Clinical trials have been on everyone’s lips since the global pandemic at the latest. Drugs and active substances to combat certain diseases are to be produced as quickly as possible but without endangering patient health and safety. This calls for clinical trials in which each drug is tested for its efficiency and safety before it is marketed. Doerthe Bassfeld, Clinical Research Manager at Medinova AG, provides an insight here for better understanding.

Efficiency and safety

Clinical trials are essential to answer specific questions about a drug/product’s application, indication and mode of action. They show how the treatment can improve the patient group’s quality of life.

Clinical trials are conducted to investigate a product on its own or in comparison with another preparation. Two products can be tested directly together, both containing an active ingredient. This is referred to as comparative trials, which are intended to prove the superiority of one of the two products.

In order to prevent possible misleading treatment effects from influencing the result, a preparation without an active substance is often included in the clinical trial. This is called a placebo.

Clinical trial phases

Phase 1 is a study with a very small group of test subjects. The product’s compatibility and safety are thoroughly investigated during this phase. These investigations may include technical measurements, blood sampling, patient examinations and observations by medical staff.

The dosage, efficacy and safety of the products are researched again on a larger number of test subjects suffering from the disease under investigation in phase 2.

The third phase is intended to confirm the results of the first two trial phases in a significantly higher number of test subjects.

Even products already on the market are still tested in clinical trials. In a phase 4 trial, observational studies of a drug/product are conducted continuously to investigate its safety and efficiency.

The production and research of new drugs in particular, requires years of precise trials and often takes 10 years. Negative results for a product in one of the clinical phases prevent approval of the next phase.

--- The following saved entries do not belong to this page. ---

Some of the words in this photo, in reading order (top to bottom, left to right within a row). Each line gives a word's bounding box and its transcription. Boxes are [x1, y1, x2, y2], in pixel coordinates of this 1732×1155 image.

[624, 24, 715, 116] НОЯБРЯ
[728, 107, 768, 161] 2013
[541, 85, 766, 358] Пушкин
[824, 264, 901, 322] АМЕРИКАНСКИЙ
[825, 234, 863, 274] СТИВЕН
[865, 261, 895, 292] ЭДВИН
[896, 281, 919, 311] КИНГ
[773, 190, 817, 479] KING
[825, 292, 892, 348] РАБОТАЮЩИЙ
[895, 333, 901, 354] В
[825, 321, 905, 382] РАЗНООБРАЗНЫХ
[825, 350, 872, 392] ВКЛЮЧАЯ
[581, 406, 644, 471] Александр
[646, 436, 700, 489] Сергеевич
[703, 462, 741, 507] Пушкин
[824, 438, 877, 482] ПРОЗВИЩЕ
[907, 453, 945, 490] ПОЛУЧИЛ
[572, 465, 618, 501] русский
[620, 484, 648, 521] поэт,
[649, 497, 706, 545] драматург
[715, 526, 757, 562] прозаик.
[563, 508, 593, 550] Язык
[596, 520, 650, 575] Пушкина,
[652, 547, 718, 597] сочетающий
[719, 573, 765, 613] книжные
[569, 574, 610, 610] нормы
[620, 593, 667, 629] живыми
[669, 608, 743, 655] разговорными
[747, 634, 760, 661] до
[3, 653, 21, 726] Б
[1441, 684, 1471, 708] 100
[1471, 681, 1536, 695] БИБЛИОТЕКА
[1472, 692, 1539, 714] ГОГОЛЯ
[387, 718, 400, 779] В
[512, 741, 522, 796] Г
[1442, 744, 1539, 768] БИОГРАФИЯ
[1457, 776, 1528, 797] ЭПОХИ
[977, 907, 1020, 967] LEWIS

At the end of each clinical trial, all the collected data are evaluated and the results are published in the relevant scientific journals, presented at congresses and listed in international registries, the EudraCT (European Union Drug Regulating Authorities Clinical Trials).

Medinova clinical trials

International phase 1-4 trials are carried out on test subjects and patients at Medinova AG. The key focus is always the participants/patient’s compliance with the strict safety standards and all the test centres’ quality and ethical standards. All Medinova clinical trials are conducted by qualified medical professionals in hospitals and practices in various countries.

The successful conduct of clinical trials requires close cooperation with the Regulatory Affairs, Marketing and Medical Affairs departments at Medinova. Concepts are developed together and consultations are held with medical experts to develop a trial protocol.

The trial protocol defines how the respective trial is to be conducted, which drugs are being tested, how many test subjects will take part, which tests are required and how long the study will last.

“We are proud that our research work contributes to new findings and treatment options not only in Switzerland but also internationally,” says Ms Bassfeld, Clinical Research Manager at Medinova AG.